Re: [PATCH 23/25] scsi: sd: handle read/write CDL timeout failures

[Date Prev][Date Next][Thread Prev][Thread Next][Date Index][Thread Index]

 



On 12/8/22 4:59 AM, Niklas Cassel wrote:
> Commands using a duration limit descriptor that has limit policies set
> to a value other than 0x0 may be failed by the device if one of the
> limits are exceeded. For such commands, since the failure is the result
> of the user duration limit configuration and workload, the commands
> should not be retried and terminated immediately. Furthermore, to allow
> the user to differentiate these "soft" failures from hard errors due to
> hardware problem, a different error code than EIO should be returned.
> 
> There are 2 cases to consider:
> (1) The failure is due to a limit policy failing the command with a
> check condition sense key, that is, any limit policy other than 0xD.
> For this case, scsi_check_sense() is modified to detect failures with
> the ABORTED COMMAND sense key and the COMMAND TIMEOUT BEFORE PROCESSING
> or COMMAND TIMEOUT DURING PROCESSING or COMMAND TIMEOUT DURING
> PROCESSING DUE TO ERROR RECOVERY additional sense code.

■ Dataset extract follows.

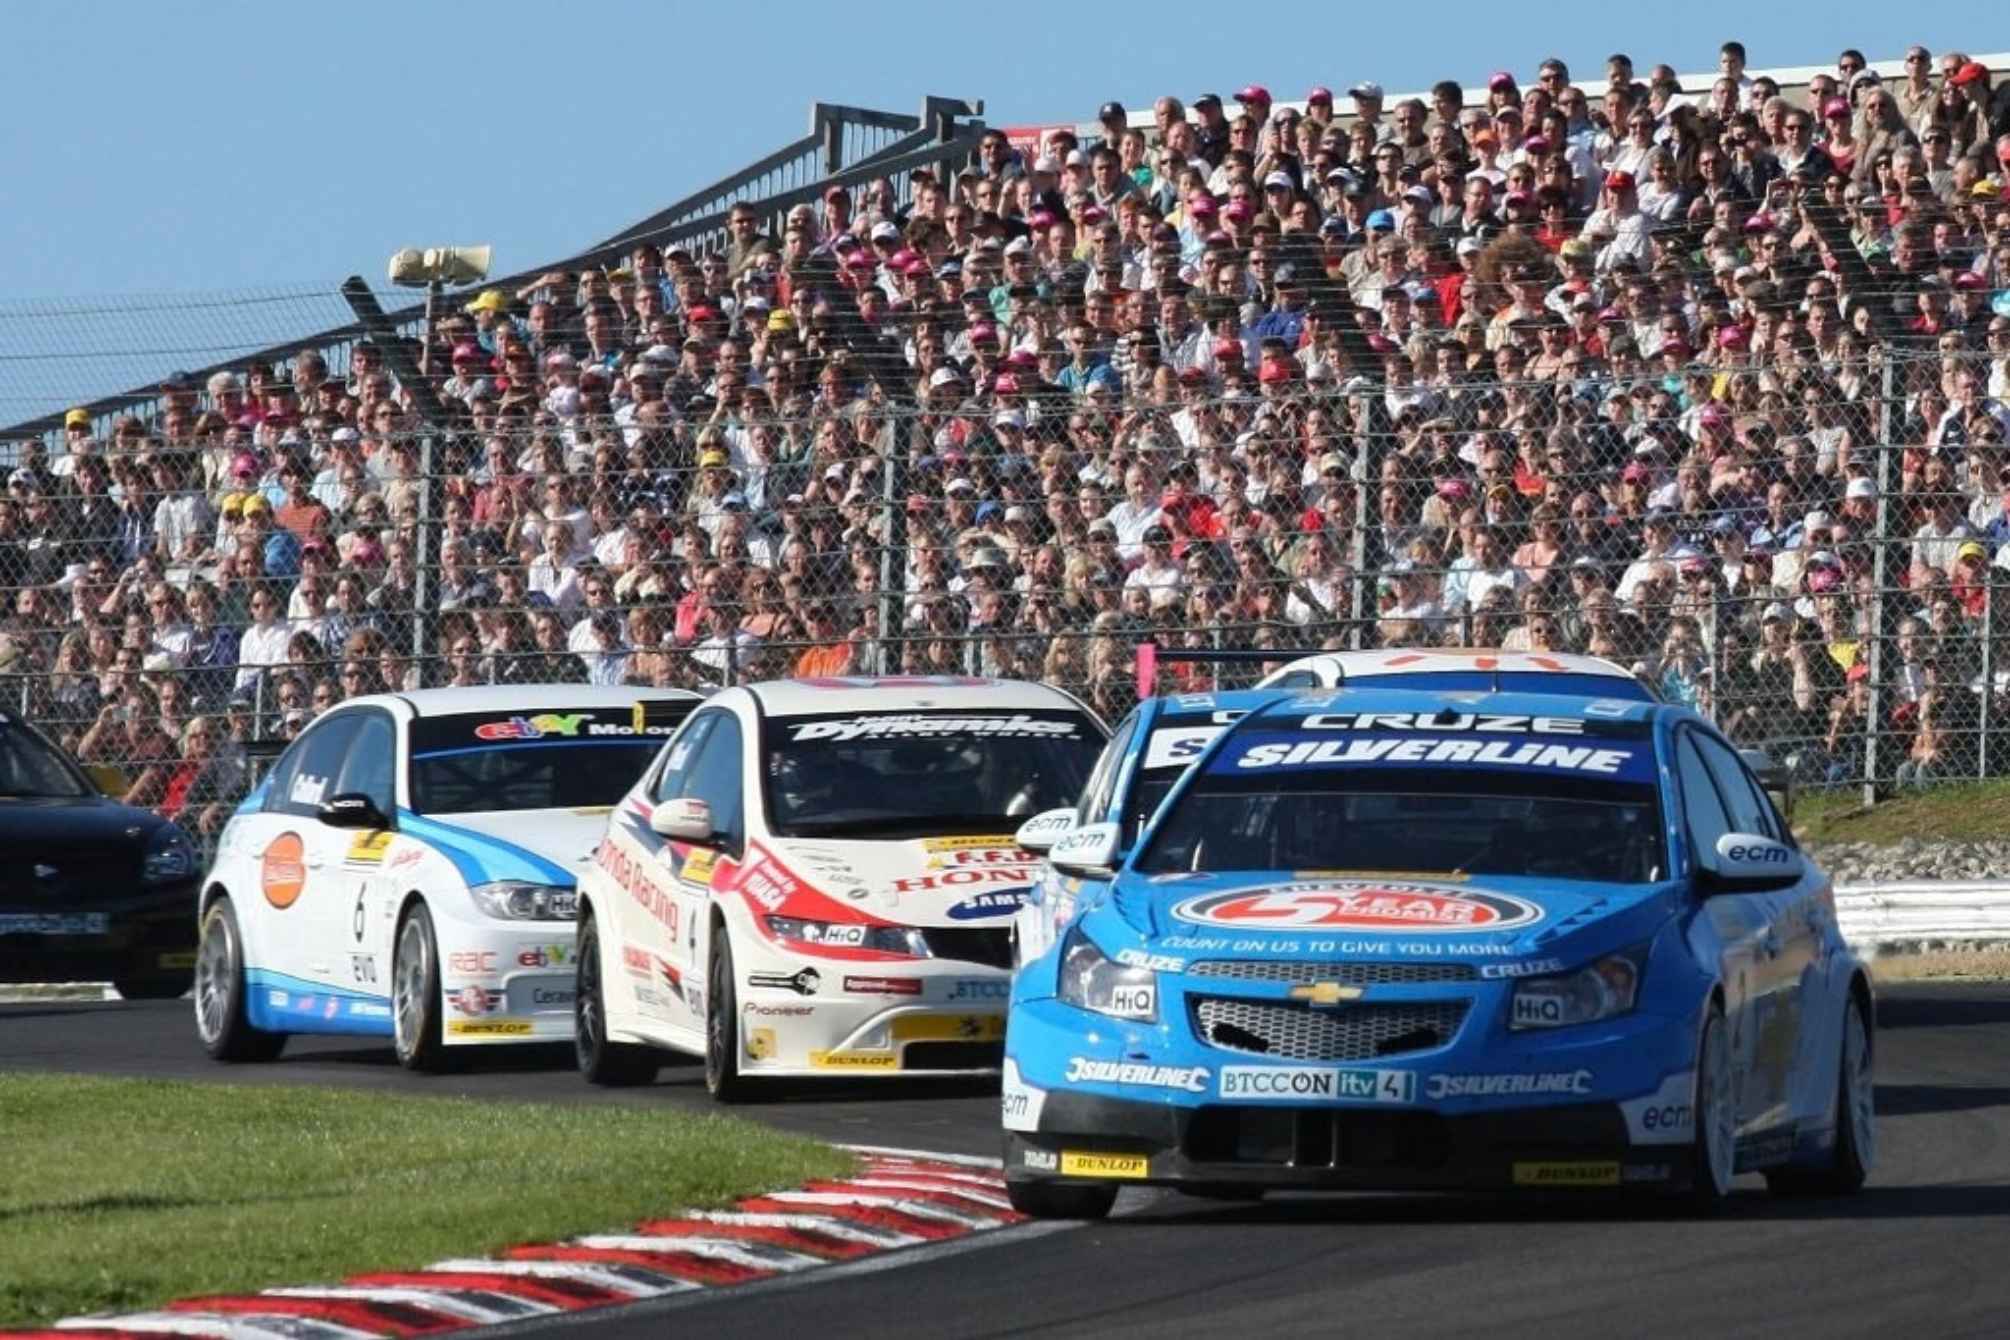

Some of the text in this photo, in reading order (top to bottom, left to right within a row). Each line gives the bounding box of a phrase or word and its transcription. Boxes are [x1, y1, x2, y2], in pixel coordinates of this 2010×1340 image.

For these
> failures, a SUCCESS disposition is returned so that
> scsi_finish_command() is called to terminate the command.
> 
> (2) The failure is due to a limit policy set to 0xD, which result in the
> command being terminated with a GOOD status, COMPLETED sense key, and
> DATA CURRENTLY UNAVAILABLE additional sense code. To handle this case,
> the scsi_check_sense() is modified to return a SUCCESS disposition so
> that scsi_finish_command() is called to terminate the command.
> In addition, scsi_decide_disposition() has to be modified to see if a
> command being terminated with GOOD status has sense data.
> This is as defined in SCSI Primary Commands - 6 (SPC-6), so all
> according to spec, even if GOOD status commands were not checked before.
> 
> If scsi_check_sense() detects sense data representing a duration limit,
> scsi_check_sense() will set the newly introduced SCSI ML byte
> SCSIML_STAT_DL_TIMEOUT. This SCSI ML byte is checked in
> scsi_noretry_cmd(), so that a command that failed because of a CDL
> timeout cannot be retried. The SCSI ML byte is also checked in
> scsi_result_to_blk_status() to complete the command request with the
> BLK_STS_DURATION_LIMIT status, which result in the user seeing ETIME
> errors for the failed commands.
> 
> Co-developed-by: Damien Le Moal <damien.lemoal@xxxxxxxxxxxxxxxxxx>
> Signed-off-by: Damien Le Moal <damien.lemoal@xxxxxxxxxxxxxxxxxx>
> Signed-off-by: Niklas Cassel <niklas.cassel@xxxxxxx>
> ---
>  drivers/scsi/scsi_error.c | 46 +++++++++++++++++++++++++++++++++++++++
>  drivers/scsi/scsi_lib.c   |  4 ++++
>  drivers/scsi/scsi_priv.h  |  1 +
>  3 files changed, 51 insertions(+)
> 
> diff --git a/drivers/scsi/scsi_error.c b/drivers/scsi/scsi_error.c
> index 51aa5c1e31b5..1bdab5385985 100644
> --- a/drivers/scsi/scsi_error.c
> +++ b/drivers/scsi/scsi_error.c
> @@ -536,6 +536,7 @@ static inline void set_scsi_ml_byte(struct scsi_cmnd *cmd, u8 status)
>   */
>  enum scsi_disposition scsi_check_sense(struct scsi_cmnd *scmd)
>  {
> +	struct request *req = scsi_cmd_to_rq(scmd);
>  	struct scsi_device *sdev = scmd->device;
>  	struct scsi_sense_hdr sshdr;
>  
> @@ -595,6 +596,22 @@ enum scsi_disposition scsi_check_sense(struct scsi_cmnd *scmd)
>  		if (sshdr.asc == 0x10) /* DIF */
>  			return SUCCESS;
>  
> +		/*
> +		 * Check aborts due to command duration limit policy:
> +		 * ABORTED COMMAND additional sense code with the
> +		 * COMMAND TIMEOUT BEFORE PROCESSING or
> +		 * COMMAND TIMEOUT DURING PROCESSING or
> +		 * COMMAND TIMEOUT DURING PROCESSING DUE TO ERROR RECOVERY
> +		 * additional sense code qualifiers.
> +		 */
> +		if (sshdr.asc == 0x2e &&
> +		    sshdr.ascq >= 0x01 && sshdr.ascq <= 0x03) {
> +			set_scsi_ml_byte(scmd, SCSIML_STAT_DL_TIMEOUT);
> +			req->cmd_flags |= REQ_FAILFAST_DEV;

Why are you setting the REQ_FAILFAST_DEV bit? Does libata check for it?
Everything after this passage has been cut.